## Task to complete
For each line below, write it out exactly as it appears.

## Extracted material
━━━━━━
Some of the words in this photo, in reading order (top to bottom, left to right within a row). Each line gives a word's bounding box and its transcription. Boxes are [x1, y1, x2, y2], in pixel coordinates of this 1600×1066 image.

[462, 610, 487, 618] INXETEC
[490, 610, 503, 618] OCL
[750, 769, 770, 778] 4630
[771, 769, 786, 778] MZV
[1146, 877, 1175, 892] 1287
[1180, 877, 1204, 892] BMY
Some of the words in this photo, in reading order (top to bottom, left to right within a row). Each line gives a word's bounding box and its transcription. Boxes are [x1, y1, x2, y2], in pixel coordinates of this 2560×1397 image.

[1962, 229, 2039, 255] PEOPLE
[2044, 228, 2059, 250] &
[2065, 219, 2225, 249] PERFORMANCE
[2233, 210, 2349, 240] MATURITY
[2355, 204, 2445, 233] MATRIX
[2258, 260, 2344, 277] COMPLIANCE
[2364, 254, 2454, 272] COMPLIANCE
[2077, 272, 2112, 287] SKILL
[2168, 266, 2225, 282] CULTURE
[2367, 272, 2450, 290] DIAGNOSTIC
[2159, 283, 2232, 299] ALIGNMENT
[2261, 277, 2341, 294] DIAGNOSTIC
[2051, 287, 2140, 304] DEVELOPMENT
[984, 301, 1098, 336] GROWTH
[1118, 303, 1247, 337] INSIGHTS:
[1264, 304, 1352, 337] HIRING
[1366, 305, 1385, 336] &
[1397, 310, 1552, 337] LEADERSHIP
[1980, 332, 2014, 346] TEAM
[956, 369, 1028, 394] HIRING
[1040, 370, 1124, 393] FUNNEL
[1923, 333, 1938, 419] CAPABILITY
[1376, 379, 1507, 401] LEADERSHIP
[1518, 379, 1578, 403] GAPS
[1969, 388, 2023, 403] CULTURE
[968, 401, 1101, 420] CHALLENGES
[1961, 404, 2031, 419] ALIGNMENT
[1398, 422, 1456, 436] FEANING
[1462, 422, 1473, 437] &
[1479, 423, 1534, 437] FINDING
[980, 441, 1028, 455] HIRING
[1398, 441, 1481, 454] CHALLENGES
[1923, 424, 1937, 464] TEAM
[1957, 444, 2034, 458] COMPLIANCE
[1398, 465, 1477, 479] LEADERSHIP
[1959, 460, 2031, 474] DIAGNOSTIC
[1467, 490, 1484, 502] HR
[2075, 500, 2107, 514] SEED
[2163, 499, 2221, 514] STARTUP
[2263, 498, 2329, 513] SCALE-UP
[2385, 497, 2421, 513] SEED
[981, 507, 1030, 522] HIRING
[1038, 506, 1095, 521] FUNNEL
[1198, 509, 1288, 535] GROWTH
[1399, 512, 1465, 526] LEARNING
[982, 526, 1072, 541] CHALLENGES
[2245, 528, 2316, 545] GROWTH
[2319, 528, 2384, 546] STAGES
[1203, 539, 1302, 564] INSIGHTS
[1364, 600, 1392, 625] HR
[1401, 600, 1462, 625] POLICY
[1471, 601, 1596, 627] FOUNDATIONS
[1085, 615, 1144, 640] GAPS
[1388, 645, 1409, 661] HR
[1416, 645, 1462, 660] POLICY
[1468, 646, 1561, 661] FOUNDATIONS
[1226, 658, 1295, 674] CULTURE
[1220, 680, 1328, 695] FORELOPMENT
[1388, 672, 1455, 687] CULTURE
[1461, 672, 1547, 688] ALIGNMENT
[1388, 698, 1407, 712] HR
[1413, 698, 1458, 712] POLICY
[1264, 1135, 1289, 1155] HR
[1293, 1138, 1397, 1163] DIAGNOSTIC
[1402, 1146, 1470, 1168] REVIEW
━━━━━━
## Solution
Some of the words in this photo, in reading order (top to bottom, left to right within a row). Each line gives a word's bounding box and its transcription. Boxes are [x1, y1, x2, y2], in pixel coordinates of this 1600×1066 image.

[462, 610, 487, 618] INXETEC
[490, 610, 503, 618] OCL
[750, 769, 770, 778] 4630
[771, 769, 786, 778] MZV
[1146, 877, 1175, 892] 1287
[1180, 877, 1204, 892] BMY
Some of the words in this photo, in reading order (top to bottom, left to right within a row). Each line gives a word's bounding box and its transcription. Boxes are [x1, y1, x2, y2], in pixel coordinates of this 2560×1397 image.

[1962, 229, 2039, 255] PEOPLE
[2044, 228, 2059, 250] &
[2065, 219, 2225, 249] PERFORMANCE
[2233, 210, 2349, 240] MATURITY
[2355, 204, 2445, 233] MATRIX
[2258, 260, 2344, 277] COMPLIANCE
[2364, 254, 2454, 272] COMPLIANCE
[2077, 272, 2112, 287] SKILL
[2168, 266, 2225, 282] CULTURE
[2367, 272, 2450, 290] DIAGNOSTIC
[2159, 283, 2232, 299] ALIGNMENT
[2261, 277, 2341, 294] DIAGNOSTIC
[2051, 287, 2140, 304] DEVELOPMENT
[984, 301, 1098, 336] GROWTH
[1118, 303, 1247, 337] INSIGHTS:
[1264, 304, 1352, 337] HIRING
[1366, 305, 1385, 336] &
[1397, 310, 1552, 337] LEADERSHIP
[1980, 332, 2014, 346] TEAM
[956, 369, 1028, 394] HIRING
[1040, 370, 1124, 393] FUNNEL
[1923, 333, 1938, 419] CAPABILITY
[1376, 379, 1507, 401] LEADERSHIP
[1518, 379, 1578, 403] GAPS
[1969, 388, 2023, 403] CULTURE
[968, 401, 1101, 420] CHALLENGES
[1961, 404, 2031, 419] ALIGNMENT
[1398, 422, 1456, 436] FEANING
[1462, 422, 1473, 437] &
[1479, 423, 1534, 437] FINDING
[980, 441, 1028, 455] HIRING
[1398, 441, 1481, 454] CHALLENGES
[1923, 424, 1937, 464] TEAM
[1957, 444, 2034, 458] COMPLIANCE
[1398, 465, 1477, 479] LEADERSHIP
[1959, 460, 2031, 474] DIAGNOSTIC
[1467, 490, 1484, 502] HR
[2075, 500, 2107, 514] SEED
[2163, 499, 2221, 514] STARTUP
[2263, 498, 2329, 513] SCALE-UP
[2385, 497, 2421, 513] SEED
[981, 507, 1030, 522] HIRING
[1038, 506, 1095, 521] FUNNEL
[1198, 509, 1288, 535] GROWTH
[1399, 512, 1465, 526] LEARNING
[982, 526, 1072, 541] CHALLENGES
[2245, 528, 2316, 545] GROWTH
[2319, 528, 2384, 546] STAGES
[1203, 539, 1302, 564] INSIGHTS
[1364, 600, 1392, 625] HR
[1401, 600, 1462, 625] POLICY
[1471, 601, 1596, 627] FOUNDATIONS
[1085, 615, 1144, 640] GAPS
[1388, 645, 1409, 661] HR
[1416, 645, 1462, 660] POLICY
[1468, 646, 1561, 661] FOUNDATIONS
[1226, 658, 1295, 674] CULTURE
[1220, 680, 1328, 695] FORELOPMENT
[1388, 672, 1455, 687] CULTURE
[1461, 672, 1547, 688] ALIGNMENT
[1388, 698, 1407, 712] HR
[1413, 698, 1458, 712] POLICY
[1264, 1135, 1289, 1155] HR
[1293, 1138, 1397, 1163] DIAGNOSTIC
[1402, 1146, 1470, 1168] REVIEW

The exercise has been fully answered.